What is a vSAN witness host?
The vSAN witness host is basically an ESXi host that does not store VM data, It stores the witness components for each VM object from a Stretched cluster. It is used for an site failure in a vSAN stretched cluster using fault domain making sure vSAN data is redundant across fault domains.

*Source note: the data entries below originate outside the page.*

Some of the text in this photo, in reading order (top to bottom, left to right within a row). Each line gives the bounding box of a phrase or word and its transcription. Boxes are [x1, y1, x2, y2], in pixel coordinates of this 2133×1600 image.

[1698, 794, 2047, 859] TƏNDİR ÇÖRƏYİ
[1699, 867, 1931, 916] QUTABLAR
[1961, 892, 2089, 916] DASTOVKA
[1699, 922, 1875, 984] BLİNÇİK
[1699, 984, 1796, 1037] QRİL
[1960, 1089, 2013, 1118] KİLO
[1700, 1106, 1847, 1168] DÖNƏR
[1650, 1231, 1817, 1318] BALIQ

First thing is to deploy vSAN witness host at the third site.
Deploy a ovf template
Upload the VMware vSAN witness ova.
Give it a vm name
Select a compute resource and continue
Review details and click next
Accept agreement and conintue
Size will depend on your current and future requirments
Select storage and continue
Select a port group and continue
Put in your password and scroll down
Put in your management details and leave secondary network blank (We will be using vSAN witness traffic as management on vmk0)
Click finish
Power on witness
Make you’re your esxi witness has connectivity, I needed to tag an vlan on it as the port group I used is using vlan trunking
Add the esxi witness host to datacenter not the cluster were your stretched cluster is
Put in the fqdn and continue
Put in the credentials and continue
Accept SSL certificate
Continue
Ensure the witness license is selected and continue
Click next on lockdown mode page
Continue
Click finish
Ensure you have ntp setup on the esxi witness host
Ensure the ntp daemon service on the ESXi witness host is start and stop with host
Ensure the ssh service on the ESXi witness host is start and stop with host
Under vmkernel adapters for the ESXI witness host remove vmk1
Remove secondary switch
Remove VM network from vSwitch0
Edit vmk0 in VMkernel adapters and add the vSAN service
Now we will stretch the cluster so esx1,2 will be site 1(Primary fault domain) and site 2 will be esx3,4 (Secondary fault domain)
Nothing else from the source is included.